Ali Bey, kendi vadisinde sessiz sedasız akıp giden bir nehir gibi kendi başına mesleğini icra eden ve büyük hocalardan öğrendiği işini en güzel şekilde yapmaya çalışan mütevazı bir insandı.

Hocamız, üstadımız, mütevazı ve zarif insan Prof. Dr. Ali Alparslan'ı 25 Ocak Çarşamba günü, dost ve sevdiklerinin omuzlarında ebediyete uğurladık. Trabzonlu şair Cüdî'nin o meşhur kıt'asında ifade ettiği gibi, hocanın ölümüne bütün dosttan ve talebeleriyle beraber sanki bütün alem kar şeklinde gözyaşı döküyor ve matem tutuyordu.

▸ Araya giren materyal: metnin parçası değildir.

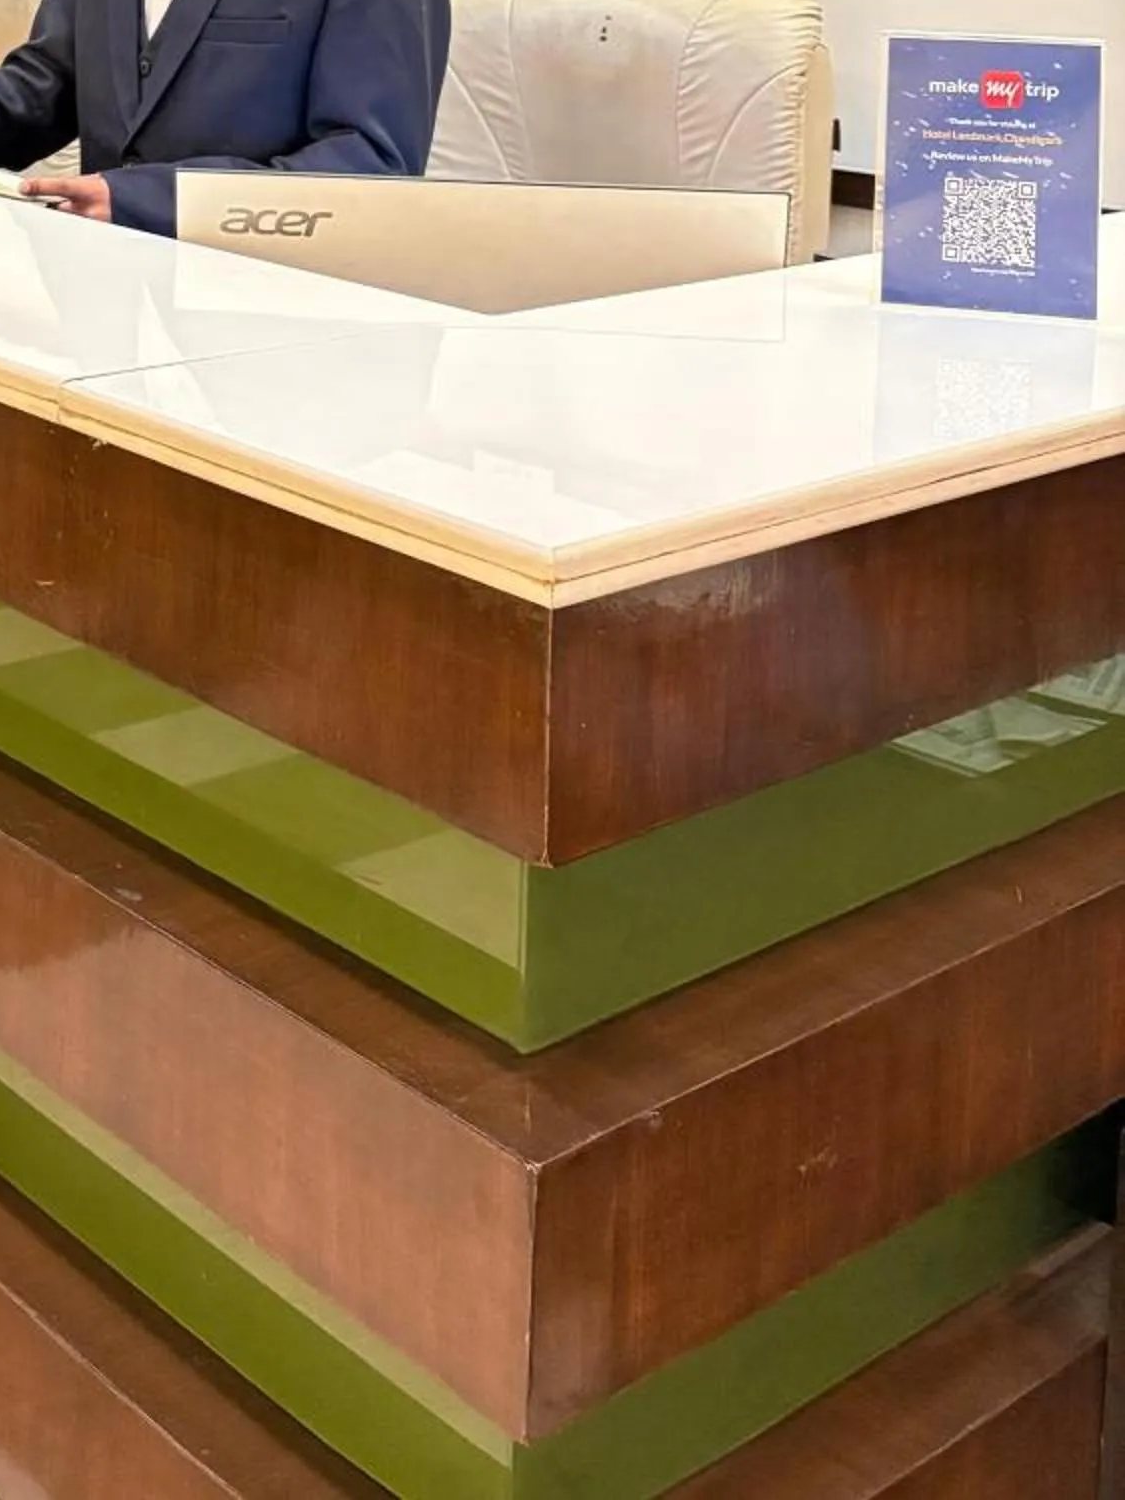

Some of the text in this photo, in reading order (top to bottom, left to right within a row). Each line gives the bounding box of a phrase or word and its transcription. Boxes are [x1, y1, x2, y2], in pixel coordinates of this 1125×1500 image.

[928, 78, 1060, 108] make my trip
[220, 207, 333, 237] acer

Ali Bey, bir yönüyle üniversitede Eski Türk Edebiyatı kürsüsünde metinler şerhi hocası, bir yönüyle Necmeddin Okyay ve Halim Özyazıcı gibi son devrin iki büyük hat üstadından icazet almış olması dolayısıyla hat sanatında klasik ekolü devam ettiren bir hattat, başka bir yönüyle de hemen herkese karşı son derece hoşgörülü, derviş-meşrep, gönül ehli, zarif bir insandı.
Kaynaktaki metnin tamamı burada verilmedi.